Pulselocker
- Company type: Private
- Industry: Music streaming
- Founded: 2011
- Founders: Joshua Goltz, Alvaro Velilla, Ryan Walsh
- Fate: Acquired
- Successor: Beatport LINK
- Headquarters: San Francisco, California, United States
- Products: DJ streaming service
- Services: Music streaming platform for DJs

= Pulselocker =

DJ music streaming service

Pulselocker was a subscription-based music streaming platform designed for professional DJs. Launched in 2012, the service enabled DJs to stream licensed music directly within DJ software while also providing offline playback capabilities for live performances.

The platform integrated streaming catalogs with professional DJ software workflows and sought to provide a legal alternative to piracy and large local music libraries used by DJs. Pulselocker partnered with major and independent record labels and integrated with DJ software platforms including Serato DJ, Rekordbox, and VirtualDJ.

In 2018, Pulselocker was acquired by Beatport.

==History==

Pulselocker was founded in 2011 in San Francisco by Alvaro Velilla, Joshua Goltz, and Ryan Walsh. They developed the platform to address challenges faced by DJs in accessing licensed music catalogs for performance. At the time, most DJs relied on purchased downloads or locally stored files, while consumer streaming services did not permit integration with professional DJ software. It launched publicly in 2013 as a hybrid streaming and download service aimed at DJs. Pulselocker completed a Series A financing round with participation from investors including electronic musician Ben Harris of the group Dirty Vegas. Harris was a member of Dirty Vegas, whose recording "Days Go By" won a Grammy Award for Best Dance Recording.

Pulselocker integration was introduced in beta versions of Serato DJ in 2016, allowing DJs to stream tracks directly within the software. It also announced a partnership with Pioneer DJ in 2016 to integrate with the Rekordbox ecosystem and compatible DJ hardware.

In 2018 Beatport acquired Pulselocker in a private transaction for an undisclosed amount. Beatport subsequently launched Beatport LINK, a streaming service integrated with DJ software.

In 2013, coverage in DJ TechTools described a relaunch of the web app and revised subscription tiers for its locker-based model.

==Platform and features==

Pulselocker provided several features designed specifically for DJs. Pulselocker combined cloud-based streaming infrastructure with locally stored encrypted audio files accessible through integrated DJ software. This architecture allowed DJs to stream music from a licensed catalog while maintaining offline access to selected tracks for performance environments where internet connectivity was unreliable. The system for managing streamed tracks with offline access was later described in a U.S. patent related to secure content access systems for digital media locker services.

Pulselocker integrated with several professional DJ software platforms, allowing users to browse, stream, and load tracks directly within their performance software. These integrations were enabled through software development kits (SDKs) and application programming interfaces (APIs) provided by Pulselocker.

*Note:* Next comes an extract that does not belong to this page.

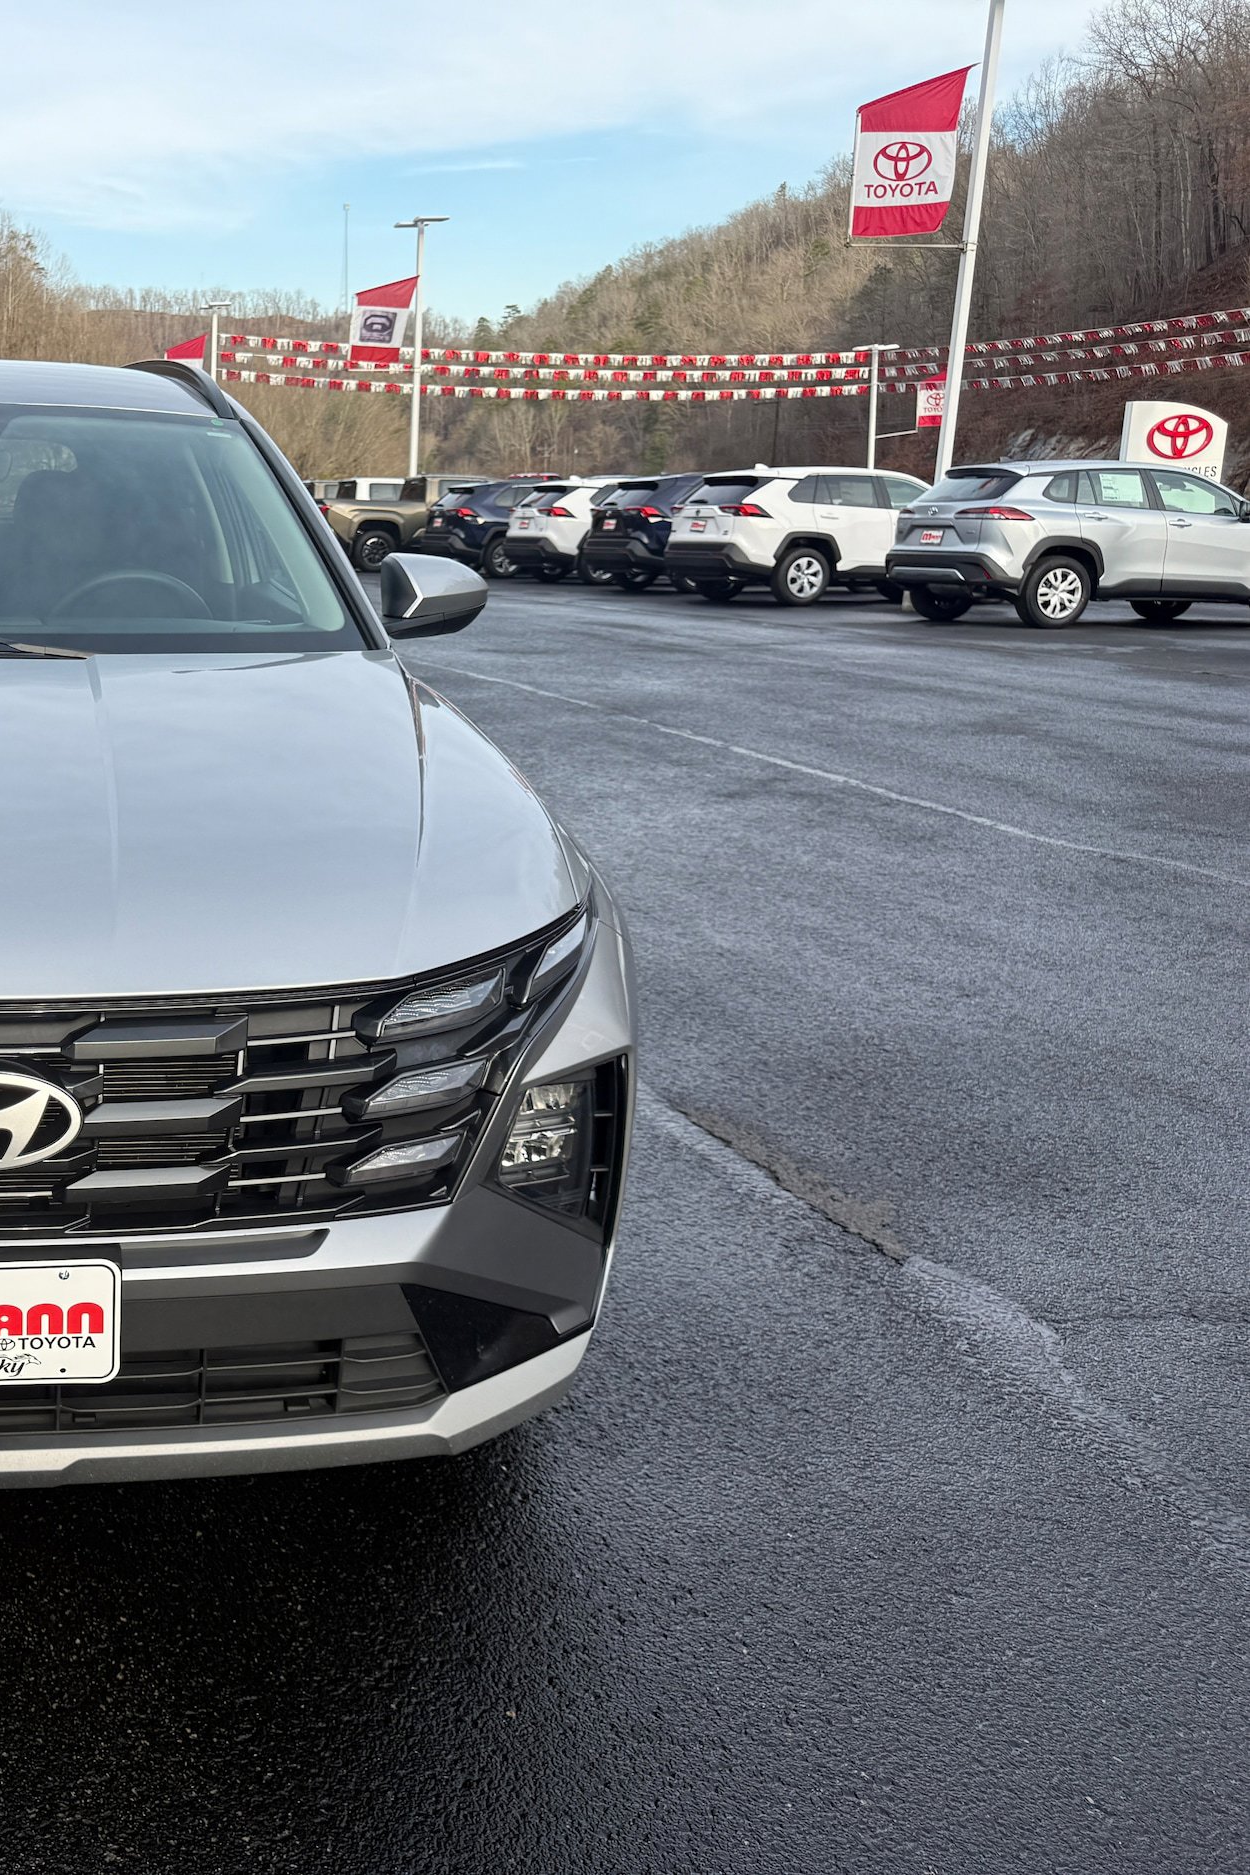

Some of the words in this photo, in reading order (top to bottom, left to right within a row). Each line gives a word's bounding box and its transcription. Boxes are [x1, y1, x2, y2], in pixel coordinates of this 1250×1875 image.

Pulselocker launched before later DJ-focused streaming services such as Beatport LINK and DJ integrations using SoundCloud Go+ and Tidal. Its model of integrating streaming catalogs directly with DJ software influenced later streaming workflows adopted across DJ platforms.

===Offline locker===

A core feature of Pulselocker was its Locker, which allowed users to store encrypted audio files locally for offline playback during performances. Tracks stored in the Locker remained accessible within supported DJ software even without an internet connection.

The intellectual property for managing streamed tracks with offline access was granted in 2017 for a U.S. patent related to a secure content access system.

===Music discovery===

The platform also included discovery tools that allowed DJs to follow record labels and receive notifications when new releases became available.

==Licensing and catalog==

Pulselocker secured licensing agreements with major record labels including Universal Music Group, Sony Music Entertainment, and Warner Music Group, allowing DJs to stream music from major-label catalogs through the platform. The service also worked with independent labels and distributors through partnerships with organizations such as Merlin Network and The Orchard. These agreements enabled Pulselocker to offer a catalog spanning millions of tracks across electronic music and other genres.